Resultados: 139 pacientes se incluyen en la revisión (12% del total de eventraciones intervenidas), mayoritariamente mujeres (107, 76,9%), edad mediana 56 años (31-77). El antecedente quirúrgico más frecuente fue colecistectomía laparoscópica (102, 73,4%), seguido de apendicectomía (13,6%), cirugía del colon (5%), urológica (4,5%) y ginecológica (3,6%). Ubicación más frecuente en puerta umbilical (98, 70,5%), aunque aparecen en flancos, fosas ilíacas, transrectales o localización múltiple; incluyendo todas las combinaciones, el puerto umbilical está involucrado en 84% de casos. Aunque algunos pacientes demoran la cirugía (hasta 16 años), la aparición de la eventración es precoz (8-18 meses).
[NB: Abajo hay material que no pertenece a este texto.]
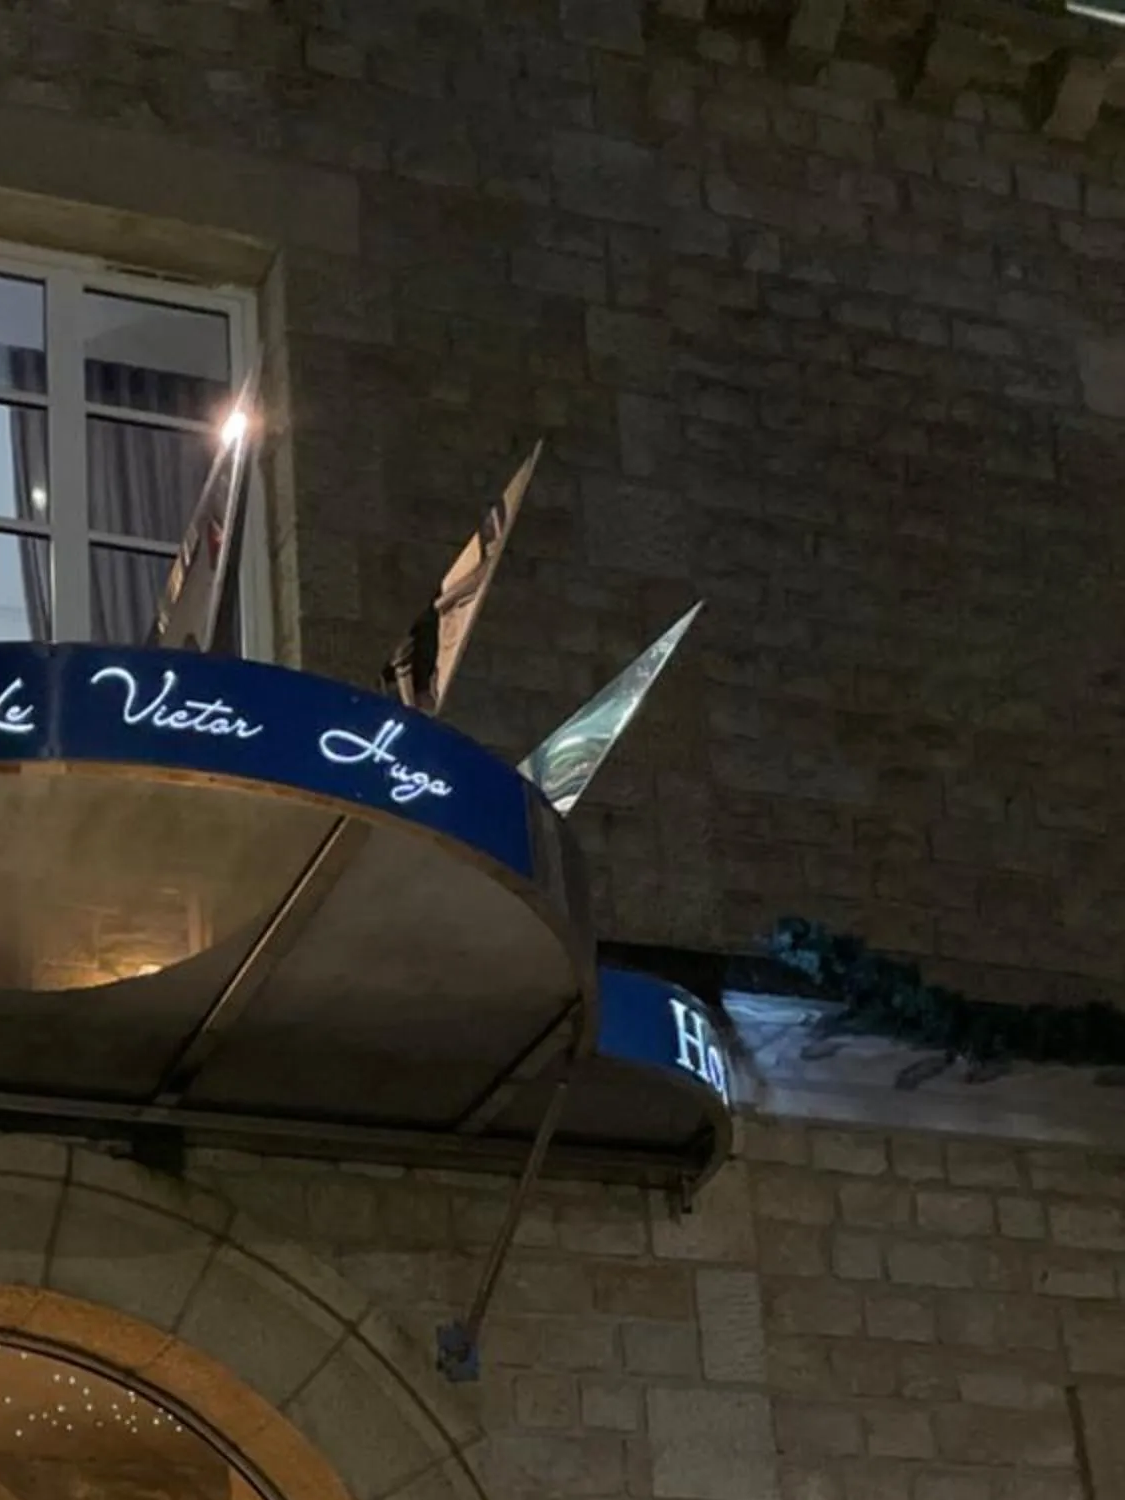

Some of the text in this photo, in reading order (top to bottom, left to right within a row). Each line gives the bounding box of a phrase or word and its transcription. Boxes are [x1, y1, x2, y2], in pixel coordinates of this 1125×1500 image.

Respecto a factores de riesgo asociados al paciente, destaca obesidad (IMC > 30) en 70,5% de casos, seguido de infección de herida (59%), hábito tabáquico (36,6%) y broncopatía obstructiva (7,9%). El 22% de pacientes fueron intervenidos en otro centro y desconocemos datos técnicos; en los restantes (108), los factores de riesgo asociados a la técnica quirúrgica son la ampliación del orificio para extracción de pieza (sobretodo colecistectomía-puerto umbilical y cirugía de colon/nefrectomía-puerto en flanco), el cierre del orificio umbilical con puntos sueltos aún con ampliación y la falta del cierre de trócares adicionales. Las eventraciones periumbilicales muestran un amplio espectro de presentación; desde las pequeñas (W1 de EHS, 59 casos), medianas (W2 de EHS, 70 casos) o grandes (W3 de EHS, con diámetro > 10 cm, 10 casos). Los dos primeros grupos se trataron con prótesis preperitoneal o retromuscular a lo Rives o con cierre y prótesis supraaponeurótica (2/3-1/3 de casos); las grandes se trataron con SAC + prótesis y reinserción de oblicuos externos (técnica de Carbonell) y en 2 casos hizo falta neumoperitoneo terapéutico progresivo previo a la intervención. Sistemáticamente, las más grandes son las umbilicales aisladas, mientras que cuando se asocian a eventraciones laterales, el tamaño y el tiempo de evolución son menores. Las eventraciones laterales suelen ser molestas aunque pequeñas (3-5 cm) pero cuando se amplió la incisión para sacar la pieza (nefrectomía) o para anastomosis extracorpórea (colon) el tamaño es bastante mayor (4-8 cm). Se trataron con prótesis retromuscular (en 1/3 de casos asociando doble malla en sándwich).

Conclusiones: La expansión del abordaje laparoscópico en la cirugía abdominal ha disminuido las complicaciones asociadas a las grandes incisiones, pero no olvidemos que incluso pequeñas incisiones para la inserción de trócares pueden complicarse y eventrarse. Algunos factores predisponentes del paciente y ciertos detalles de la técnica pueden incrementar el riesgo de esta complicación, que supone un importante porcentaje de nuestra casuística. La identificación de los factores de riesgo y el cuidado en la técnica podrían mejorar estas cifras.